(This appears in the June 2017 Newsletter, and continued from the April 2017 Newsletter)
Prevalence of HTN in children aged 8-17 years was approximately 2.2% between 2011 and 2014. Compare this with asthma prevalence of 9%, autism 1%, epilepsy 1%, and yet these all get much more air time than hypertension. Up to 30% of newly diagnosed hypertensive children and young people already have end organ damage, left ventricular hypertrophy in particular. [note]Lewis M et al. Screening for Hypertension in Children and Adolescents: Methodology and Current Practice Recommendations. Front Pediatr. 2017; 5: 51 full text. Great Ormond Street Hospital clinical guideline on the diagnosis, investigation and management of hypertension.[/note]
Hypertension: important points in the history:
- Symptoms: lethargy, visual disturbances, headache, nausea, vomiting, failure to thrive
- Past medical history: prematurity, central lines, UTIs, congenital heart disease
- Family history: essential hypertension, polycystic kidneys, early CVS disease
BP measurement in babies and children is a skill which is often not done well:
- Cuff size – you need a range of sizes.
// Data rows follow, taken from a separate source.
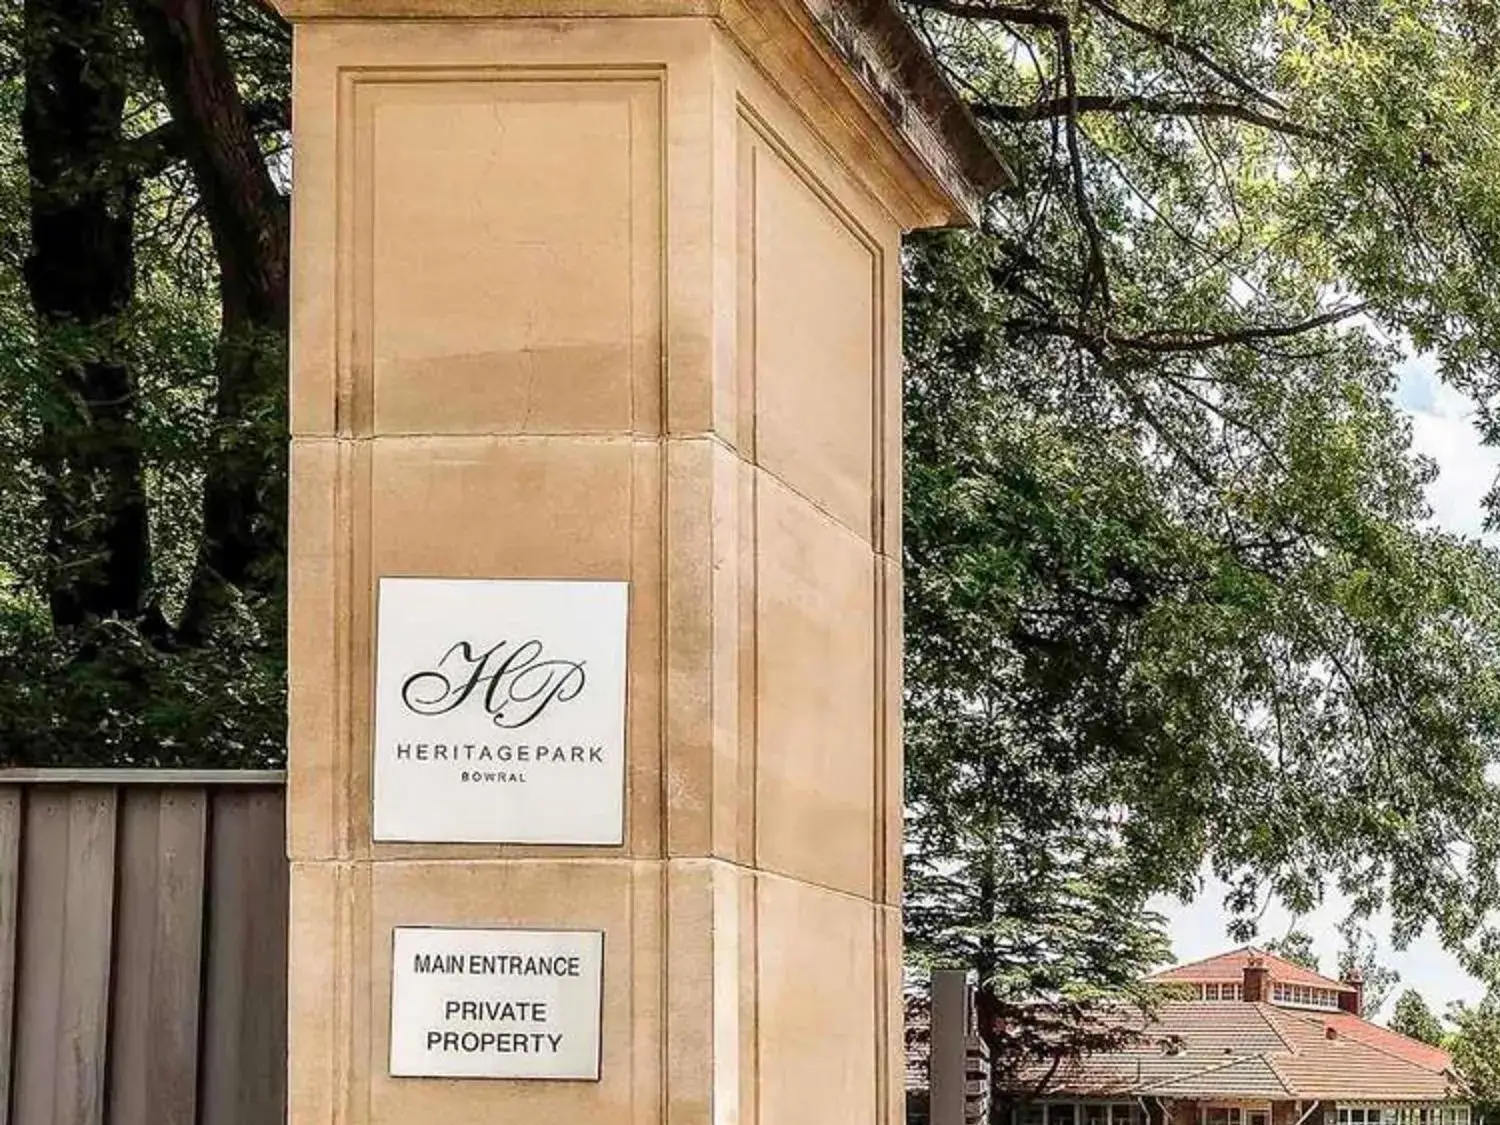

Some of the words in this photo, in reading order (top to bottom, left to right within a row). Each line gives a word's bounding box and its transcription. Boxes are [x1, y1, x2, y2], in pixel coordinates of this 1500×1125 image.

[401, 639, 587, 729] HP
[461, 771, 527, 783] BOWRAL
[413, 954, 465, 974] MAIN
[469, 955, 581, 977] ENTRANCE
[445, 1001, 548, 1022] PRIVATE
[427, 1031, 563, 1053] PROPERTY
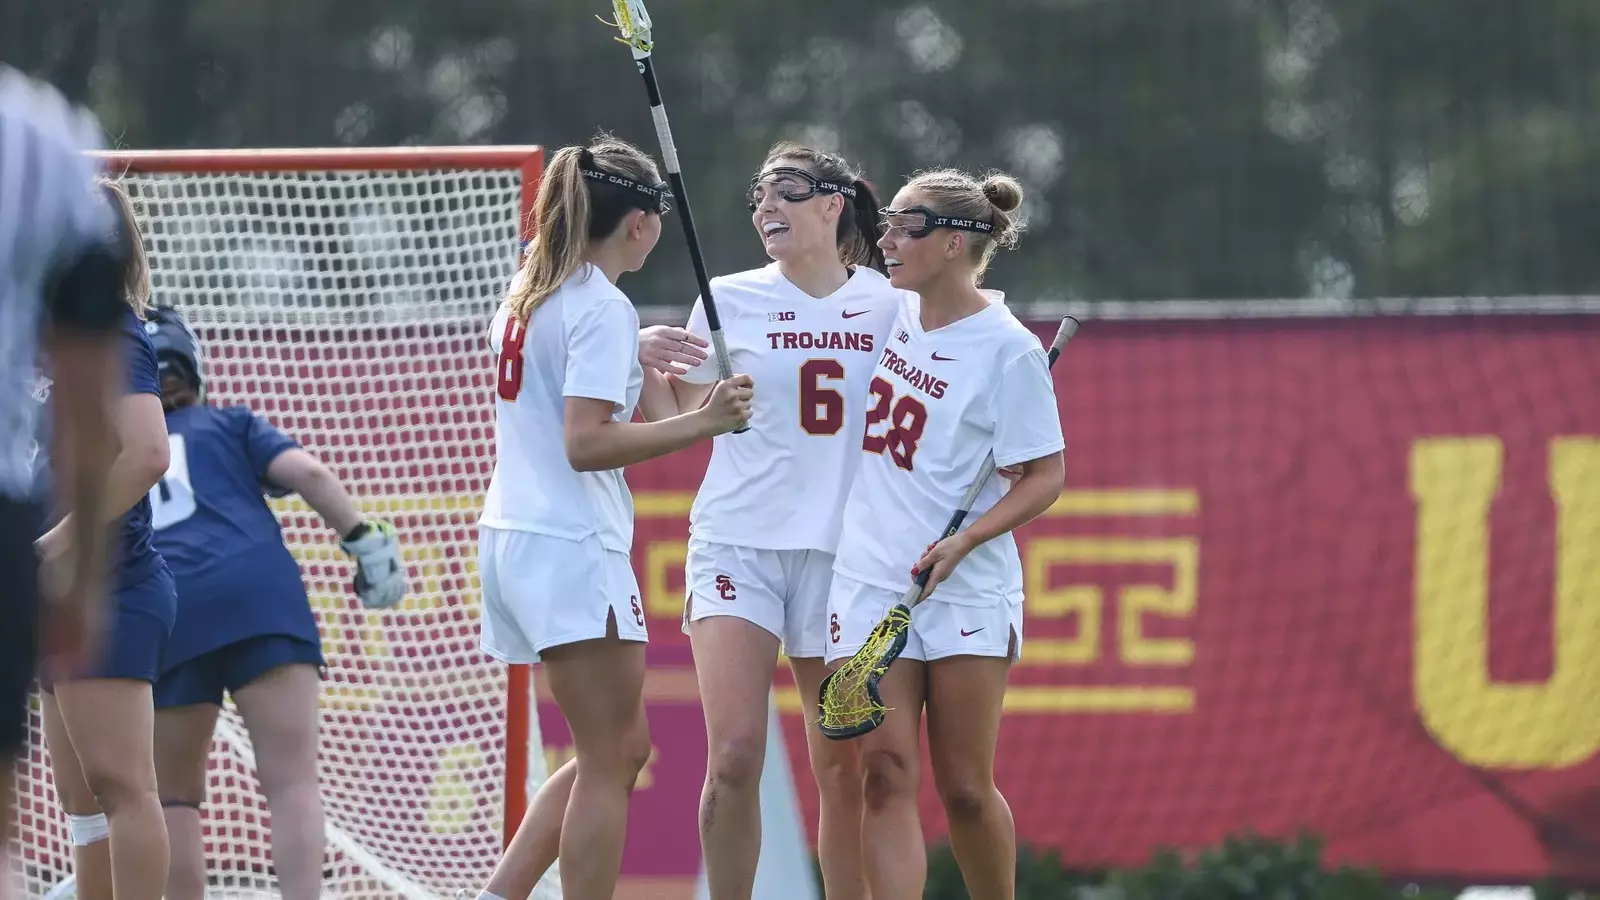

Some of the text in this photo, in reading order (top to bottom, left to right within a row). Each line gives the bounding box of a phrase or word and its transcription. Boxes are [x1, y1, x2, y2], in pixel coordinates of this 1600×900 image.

[581, 168, 658, 196] GAIT GAIT GAIT
[820, 182, 838, 191] GAIT
[951, 219, 974, 228] GAIT
[975, 221, 992, 231] GAIT
[766, 331, 874, 353] TROJANS
[879, 347, 949, 400] TROJANS
[798, 357, 845, 437] 6
[861, 374, 928, 473] 28
[715, 574, 737, 601] SC
The bladder width needs to be at least 40% of the child’s arm circumference between olecranon and acromion and 80-100% of the circumference. A small cuff leads to an erroneously high BP measurement. Take BP in the arm, not leg (both if doing 4-limb BP obviously). At birth, BP measured in the legs is often lower than in the arms, equalises at 8/52 of age and after that leg blood pressure tends to be higher than in the arm.
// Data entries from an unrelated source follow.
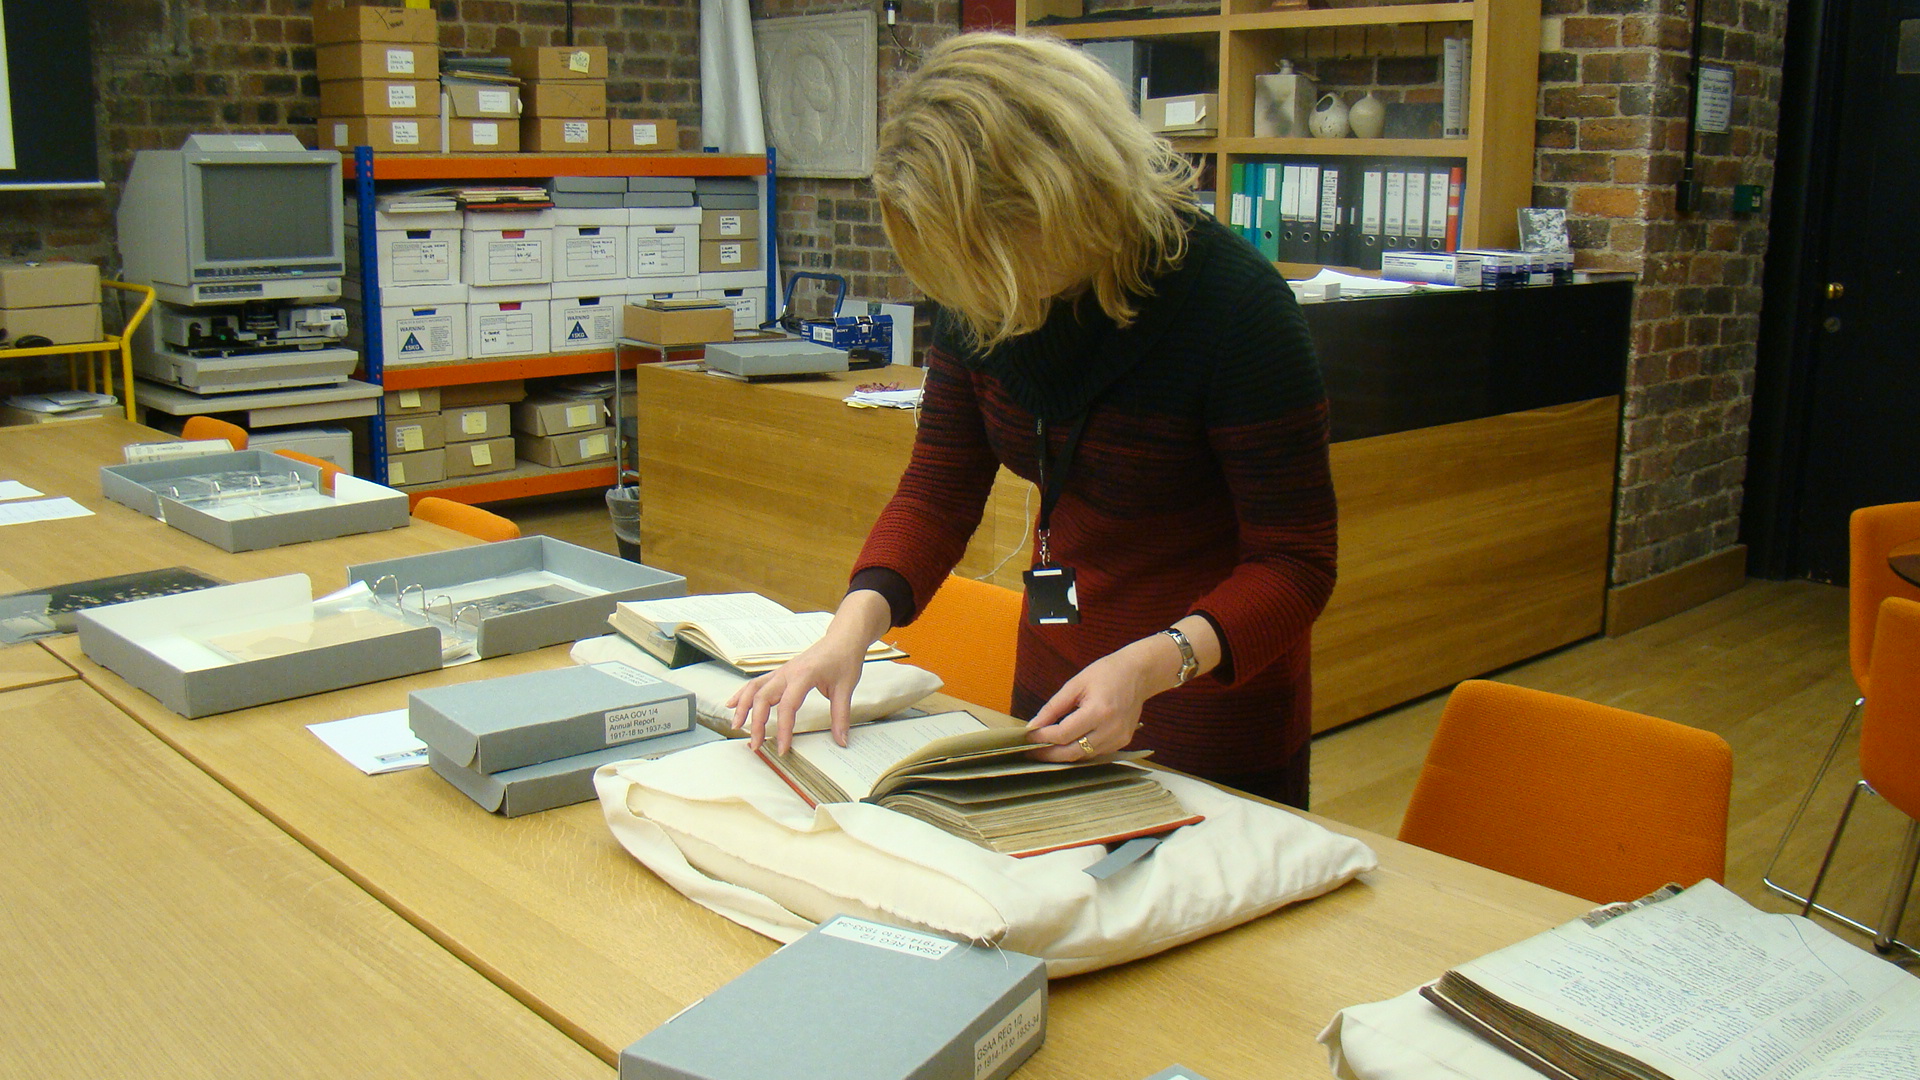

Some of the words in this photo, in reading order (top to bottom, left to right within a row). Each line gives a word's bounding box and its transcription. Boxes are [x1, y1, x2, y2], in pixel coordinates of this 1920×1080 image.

[608, 713, 630, 723] GSAA
[630, 710, 647, 719] GOV
[610, 720, 632, 731] Annual
[634, 717, 656, 727] Report
[610, 728, 636, 740] 1917-18
[646, 723, 671, 733] 1937-38
[836, 920, 878, 934] 1933-34
[879, 938, 906, 948] REG
[894, 934, 935, 947] 1914-15
[908, 944, 941, 955] GSAA
[976, 1037, 996, 1060] GSAA
[998, 1023, 1012, 1043] REG
[1014, 1013, 1023, 1028] 1/2
[976, 1064, 982, 1076] P
[984, 1044, 1009, 1069] 1914-15
[1009, 1037, 1015, 1048] to
[1017, 1013, 1039, 1040] 1933-34
- Position – the child should ideally be lying down, relaxed, their limb at the same level as their heart.
- Equipment – centile charts are put together using auscultation and a sphygmomanometer. Mechanical oscillometric devices are easy to use (be sure to still ensure correct cuff size) but are not as accurate which is why nephrologists always insist on a “manual reading”.